Credits: Lisa Maier/UvA

New research shows that winners of a large research grant programme in the Netherlands have a 2.5 times greater chance of obtaining a follow-up grant than nonwinners. The research, which focused on NWO Vidi Grants, was jointly carried out by sociologists from the University of Amsterdam, Utrecht University and the University of California, Berkeley.

Why do scientists with similar backgrounds and abilities often end up achieving very different degrees of success? A classic explanation is that academic achievement exhibits a ‘Matthew Effect’, whereby early successes increase the chances of future success. But does a young researcher who wins a grant really have a greater chance of obtaining a follow-up grant than an equally talented fellow-researcher who fails to do so the first time around? To answer this question, the researchers investigated whether the Matthew Effect could be at play during the allocation of Vidi Grants, which are awarded by the Netherlands Organisation for Scientific Research (NWO).

Totally different chances

‘Candidates who were quite comparable at the time of applying for an early career Veni Grant had totally different chances of winning a mid-career Vidi Grant five years later’, says Thijs Bol, associate professor of Sociology at the UvA. In their analysis, the researchers exploited the hard threshold in evaluation scores used by the NWO in deciding who to award a Veni Grant, which is meant for recent PhDs. Between 2002 and 2008, just over 4,000 proposals were submitted to the NWO. The assessment committee awarded a score to each proposal, after which a ranking was compiled. The researchers compared the candidates just above the funding threshold (‘winners’) with those just below the threshold (‘near-winners’).

Growing gap

The results clearly reveal that winners just above the funding threshold (one or two spots above the cut off) for a Veni Grant have a 2.5 times greater chance of winning a follow-up Vidi Grant than near-winners (one or two places below the cut off). ‘This can be explained by two mutually reinforcing processes’, says Bol. ‘On the one hand, winners have a higher chance of successfully obtaining a foll0w-up grant because of the status that comes with receiving a grant, which confers an advantage in other funding competitions. On the other hand, near-winners are much less likely to submit a Vidi proposal than winners just above the threshold, potentially anticipating their lower chances of success.’

In the years following a Veni application, the gap between the winners and near-winners continues to grow. After eight years, winners are two times more likely than near-winners to receive research funding from the NWO and its European equivalent, the European Research Council (ERC).

Accumulation of grant money by early career grant applicants. Shown is the cumulative amount of funding received in NWO and ERC competitions (vertical axis) as a function of the number of years elapsed since the early career grant competition (horizontal axis). This relationship is shown for different ranks above (green, +) and below (red, −) the early career funding threshold.

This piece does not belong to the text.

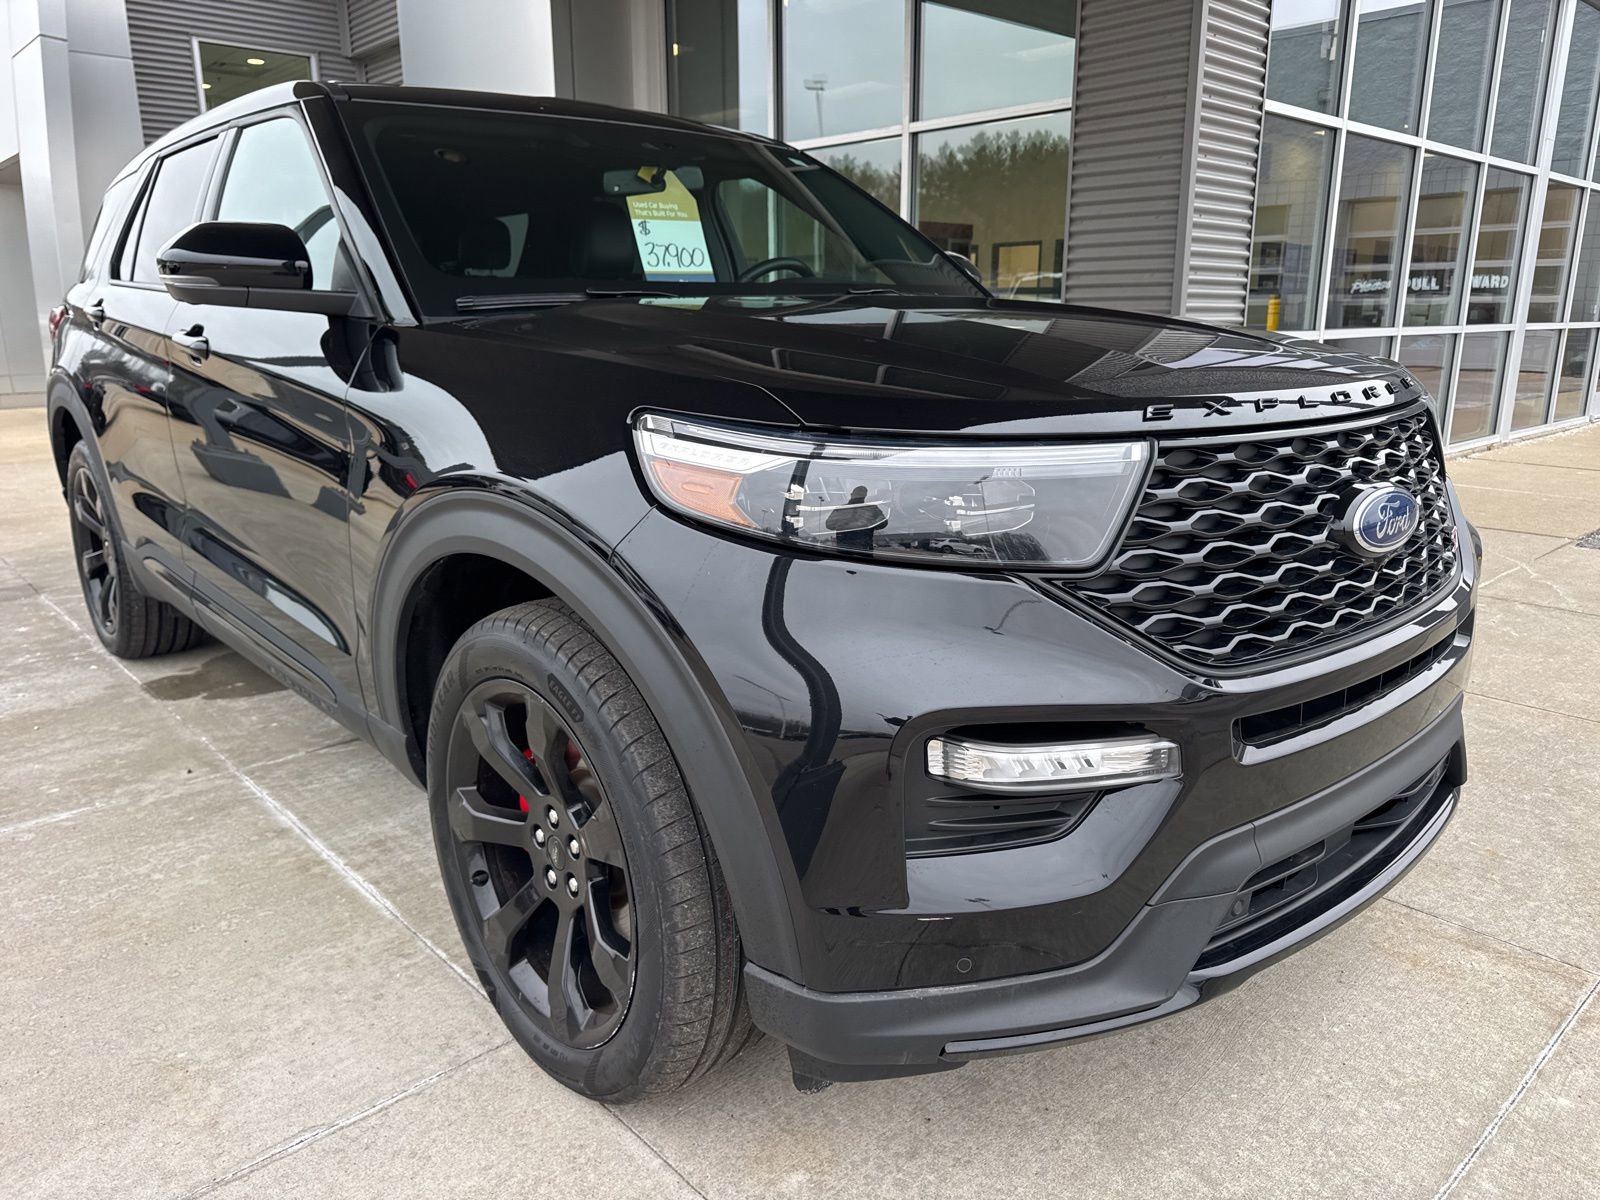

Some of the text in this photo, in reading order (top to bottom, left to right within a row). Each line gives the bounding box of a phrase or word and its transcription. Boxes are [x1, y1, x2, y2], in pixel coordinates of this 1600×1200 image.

But the implications run wider than just winning other grants. Bol: ‘At the start of 2018, winners just above the threshold in Veni allocation rounds from 2000 to 2008 had a 50% greater chance of being a professor than near-winners.’  

Closing the gap

But what can be done to narrow this growing gap? ‘One can ask whether funding organisations worldwide should use earlier funding success as a merit criterion for assessing the quality of an applicant’, says Bol. It could also be useful for funding agencies like the NWO to reach out to near-winners and encourage them to apply for a follow-up grant. Finally, one could question whether the distribution of smaller grants across more recipients might not be a more efficient method for providing academic opportunities to talented young researchers.

Publication details

Thijs Bol, Mathijs de Vaan en Arnout van de Rijt: ‘The Matthew Effect in Science Funding’ in: PNAS, 23 April 2018. DOI: 10.1073/pnas.1719557115.